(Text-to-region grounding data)
——
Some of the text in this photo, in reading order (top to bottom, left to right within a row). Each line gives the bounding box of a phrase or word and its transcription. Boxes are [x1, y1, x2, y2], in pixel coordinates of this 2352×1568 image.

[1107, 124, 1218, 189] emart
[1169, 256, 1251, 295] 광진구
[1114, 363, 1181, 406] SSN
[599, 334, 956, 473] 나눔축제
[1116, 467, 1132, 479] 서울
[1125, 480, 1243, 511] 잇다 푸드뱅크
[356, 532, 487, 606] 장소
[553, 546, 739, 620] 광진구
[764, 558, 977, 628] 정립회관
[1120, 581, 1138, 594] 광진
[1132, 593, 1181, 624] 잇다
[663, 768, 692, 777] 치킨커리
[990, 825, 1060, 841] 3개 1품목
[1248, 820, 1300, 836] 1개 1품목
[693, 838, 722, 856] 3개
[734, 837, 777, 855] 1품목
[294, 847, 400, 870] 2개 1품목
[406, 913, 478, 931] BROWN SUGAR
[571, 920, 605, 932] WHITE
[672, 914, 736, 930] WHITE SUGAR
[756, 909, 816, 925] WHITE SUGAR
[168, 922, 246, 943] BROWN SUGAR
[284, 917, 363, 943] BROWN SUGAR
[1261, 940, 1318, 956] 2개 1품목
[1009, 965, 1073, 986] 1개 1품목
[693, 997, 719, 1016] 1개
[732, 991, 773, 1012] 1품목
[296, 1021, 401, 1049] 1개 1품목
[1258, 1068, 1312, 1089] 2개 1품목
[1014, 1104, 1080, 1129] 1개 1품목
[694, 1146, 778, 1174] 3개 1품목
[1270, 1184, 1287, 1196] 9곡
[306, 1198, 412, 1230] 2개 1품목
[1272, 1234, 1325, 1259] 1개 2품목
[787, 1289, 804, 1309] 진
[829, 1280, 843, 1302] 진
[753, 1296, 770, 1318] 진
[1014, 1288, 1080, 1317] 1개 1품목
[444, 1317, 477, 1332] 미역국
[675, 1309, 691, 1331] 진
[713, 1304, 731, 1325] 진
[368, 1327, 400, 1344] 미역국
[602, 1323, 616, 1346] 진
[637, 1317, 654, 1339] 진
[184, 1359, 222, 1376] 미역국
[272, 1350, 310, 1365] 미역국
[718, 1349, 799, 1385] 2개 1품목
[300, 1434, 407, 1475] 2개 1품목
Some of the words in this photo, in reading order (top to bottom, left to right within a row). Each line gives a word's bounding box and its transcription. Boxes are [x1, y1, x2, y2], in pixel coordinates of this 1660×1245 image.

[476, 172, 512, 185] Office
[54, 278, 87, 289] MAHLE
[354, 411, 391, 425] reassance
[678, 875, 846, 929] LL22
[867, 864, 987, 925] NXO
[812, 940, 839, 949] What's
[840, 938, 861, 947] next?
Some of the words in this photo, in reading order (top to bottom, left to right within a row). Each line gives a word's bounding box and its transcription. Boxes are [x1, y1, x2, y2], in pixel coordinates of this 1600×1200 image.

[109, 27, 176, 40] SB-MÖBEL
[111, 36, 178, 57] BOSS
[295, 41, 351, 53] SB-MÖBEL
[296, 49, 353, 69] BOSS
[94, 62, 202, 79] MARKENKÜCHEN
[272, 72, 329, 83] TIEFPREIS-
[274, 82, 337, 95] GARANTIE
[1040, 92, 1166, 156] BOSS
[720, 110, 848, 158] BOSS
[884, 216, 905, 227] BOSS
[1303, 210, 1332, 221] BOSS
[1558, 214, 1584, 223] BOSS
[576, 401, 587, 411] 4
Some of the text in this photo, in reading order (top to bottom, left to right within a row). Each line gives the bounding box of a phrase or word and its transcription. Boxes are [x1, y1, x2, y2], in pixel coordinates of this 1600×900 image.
——
#### Problem to solve
Set down exactly the lines beginning at the one that holds "this 1600×1200 image." and ending with the last line of the data.

#### Result for this task
Some of the words in this photo, in reading order (top to bottom, left to right within a row). Each line gives a word's bounding box and its transcription. Boxes are [x1, y1, x2, y2], in pixel coordinates of this 1600×1200 image.

[109, 27, 176, 40] SB-MÖBEL
[111, 36, 178, 57] BOSS
[295, 41, 351, 53] SB-MÖBEL
[296, 49, 353, 69] BOSS
[94, 62, 202, 79] MARKENKÜCHEN
[272, 72, 329, 83] TIEFPREIS-
[274, 82, 337, 95] GARANTIE
[1040, 92, 1166, 156] BOSS
[720, 110, 848, 158] BOSS
[884, 216, 905, 227] BOSS
[1303, 210, 1332, 221] BOSS
[1558, 214, 1584, 223] BOSS
[576, 401, 587, 411] 4
Some of the text in this photo, in reading order (top to bottom, left to right within a row). Each line gives the bounding box of a phrase or word and its transcription. Boxes are [x1, y1, x2, y2], in pixel coordinates of this 1600×900 image.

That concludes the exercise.